Perl, Jeffrey; Karaboyas, Angelo; Morgenstern, Hal; Sen, Ananda; Rayner, Hugh C; Vanholder, Raymond C; Combe, Christian; Hasegawa, Takeshi; Finkelstein, Fredric O; Lopes, Antonio A; Robinson, Bruce M; Pisoni, Ronald L; Tentori, Francesca.
Afiliação
  • Perl J; Division of Nephrology, St Michael's Hospital, University of Toronto, Toronto, ON, Canada.
  • Karaboyas A; Arbor Research Collaborative for Health, Ann Arbor, MI, USA.
  • Morgenstern H; Arbor Research Collaborative for Health, Ann Arbor, MI, USA.
  • Sen A; Departments of Epidemiology and Environmental Health Sciences, School of Public Health, and Department of Urology, Medical School, University of Michigan, Ann Arbor, MI, USA.
  • Rayner HC; Department of Biostatistics and Department of Family Medicine, University of Michigan, Ann Arbor, MI, USA.
  • Vanholder RC; Heart of England NHS Foundation Trust, Birmingham, UK.
  • Combe C; University Hospital, Ghent, Belgium.
  • Hasegawa T; Centre Hospitalier Universitaire de Bordeaux and Université de Bordeaux, Bordeaux, France.
  • Finkelstein FO; Department of Innovative Research and Education for Clinicians and Trainees, Fukushima Medical University Hospital, Fukushima, Japan.
  • Lopes AA; Division of Nephrology, Showa University Fujigaoka Hospital, Yokohama, Japan.
  • Robinson BM; Hospital of St Raphael, Yale University, New Haven, CT, USA.
  • Pisoni RL; Faculdade de Medicina da Bahia, Universidade Federal da Bahia, Salvador, BA, Brazil.
  • Tentori F; Arbor Research Collaborative for Health, Ann Arbor, MI, USA.
Nephrol Dial Transplant ; 32(3): 521-527, 2017 03 01.
Article em En | MEDLINE | ID: mdl-27270292
ABSTRACT

Background:

Cross-sectional health-related quality of life (HR-QOL) measures are associated with mortality in hemodialysis (HD) patients.

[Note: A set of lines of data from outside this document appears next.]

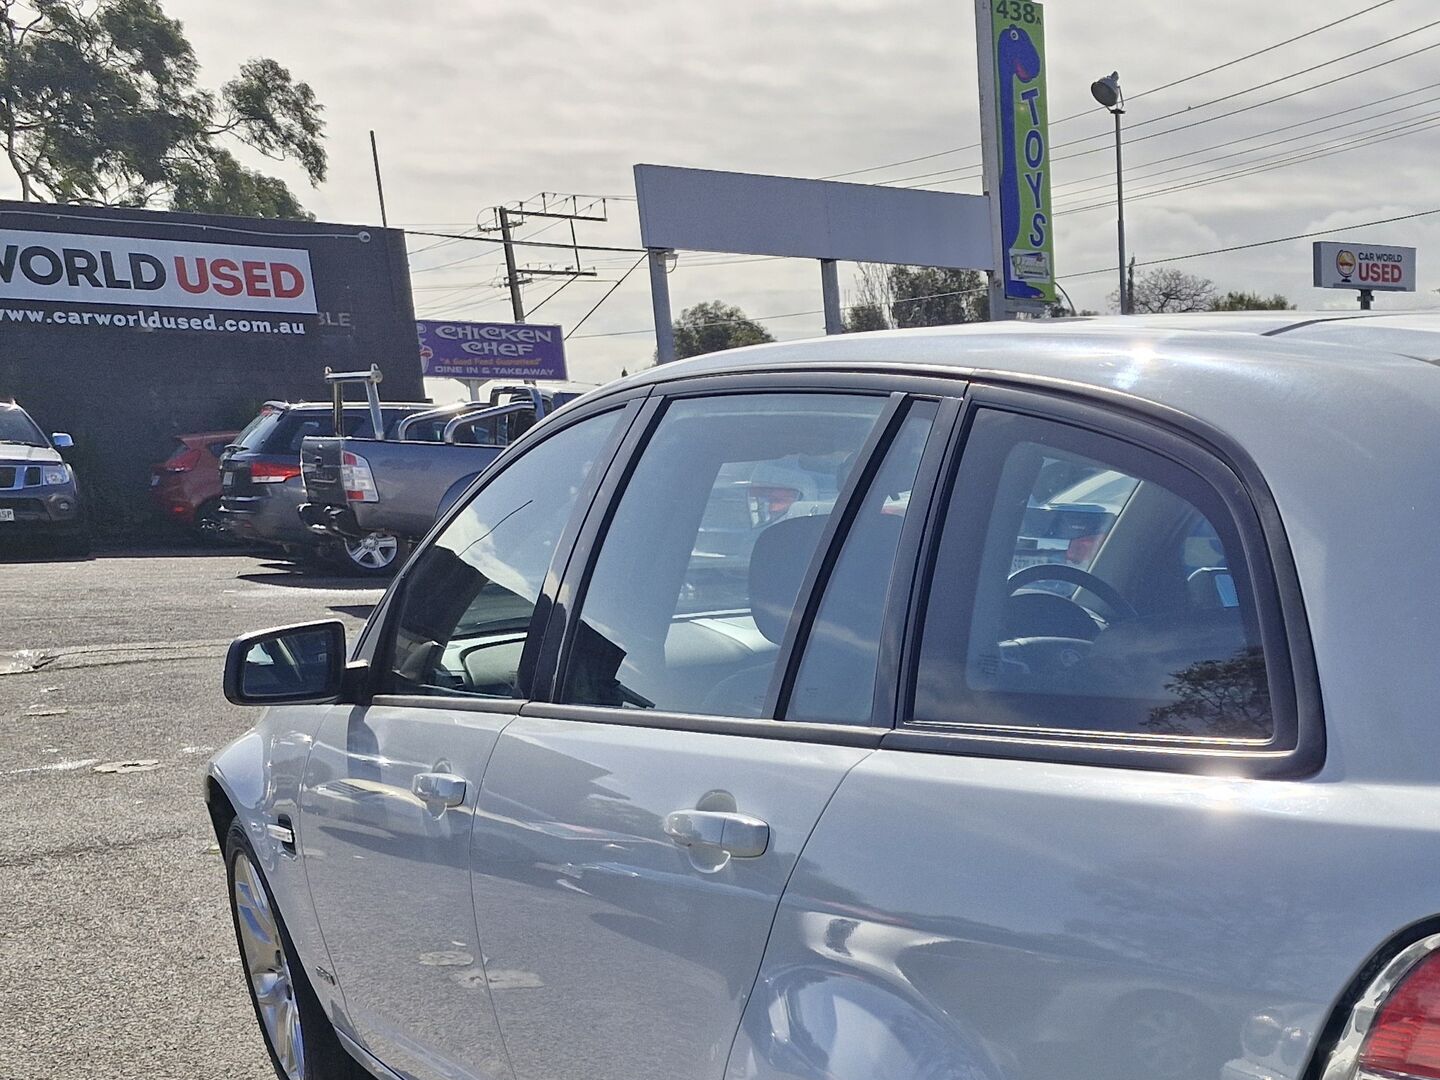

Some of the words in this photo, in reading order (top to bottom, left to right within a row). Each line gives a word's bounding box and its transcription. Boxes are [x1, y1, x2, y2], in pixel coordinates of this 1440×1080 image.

[1020, 88, 1046, 247] TOYS
[1358, 252, 1375, 262] CAR
[1377, 253, 1403, 263] WORLD
[174, 255, 305, 299] USED
[1358, 263, 1402, 283] USED
[0, 308, 306, 335] ww.carworldused.com.au
[435, 325, 552, 343] CHICKEN
[461, 341, 534, 357] CHEF
[434, 366, 463, 374] DINE
[466, 366, 478, 374] IN
[492, 367, 555, 376] TAKEAWAY

The impact of changes in HR-QOL on outcomes remains unclear. We describe the association of prior changes in HR-QOL with subsequent mortality among HD patients.

Methods:

A total of 13 784 patients in the Dialysis Outcomes and Practice Patterns Study had more than one measurement of HR-QOL. The impact of changes between two measurements of the physical (PCS) and mental (MCS) component summary scores of the SF-12 on mortality was estimated with Cox regression.

Results:

Mean age was 62 years (standard deviation 14 years); 59% were male and 32% diabetic. Median time between HR-QOL measurements was 12 months [interquartile range (IQR) 11, 14]. Median initial PCS and MCS scores were 37.5 (IQR 29.4, 46.2) and 46.4 (IQR 37.2, 54.9); median changes in PCS and MCS scores were -0.2 (IQR -5.5, 4.7) and -0.1 (IQR -6.8, 5.9), respectively. The adjusted hazard ratio (HR) for a 5-point decline in HR-QOL score was 1.09 [95% confidence interval (CI) 1.06-1.12] for PCS and 1.05 (95% CI 1.03-1.08) for MCS. Adjusting for the second QOL score, the change was not associated with mortality HR = 1.01 (95% CI 0.98-1.05) for delta PCS and 1.01 (95% CI 0.98-1.03) for delta MCS. Categorizing the first and second scores as predictors, only the second PCS or MCS score was associated with mortality.

Conclusions:

In our study, only the most recent HR-QOL score was associated with mortality. Hence, the predictive power of a measurement of HR-QOL is not affected by changes in HR-QOL prior to that measurement; more frequent HR-QOL measurements are needed to improve the prediction of outcomes in HD. Further studies are needed to determine the optimal frequency and appropriate instrument to be used for serial measurements.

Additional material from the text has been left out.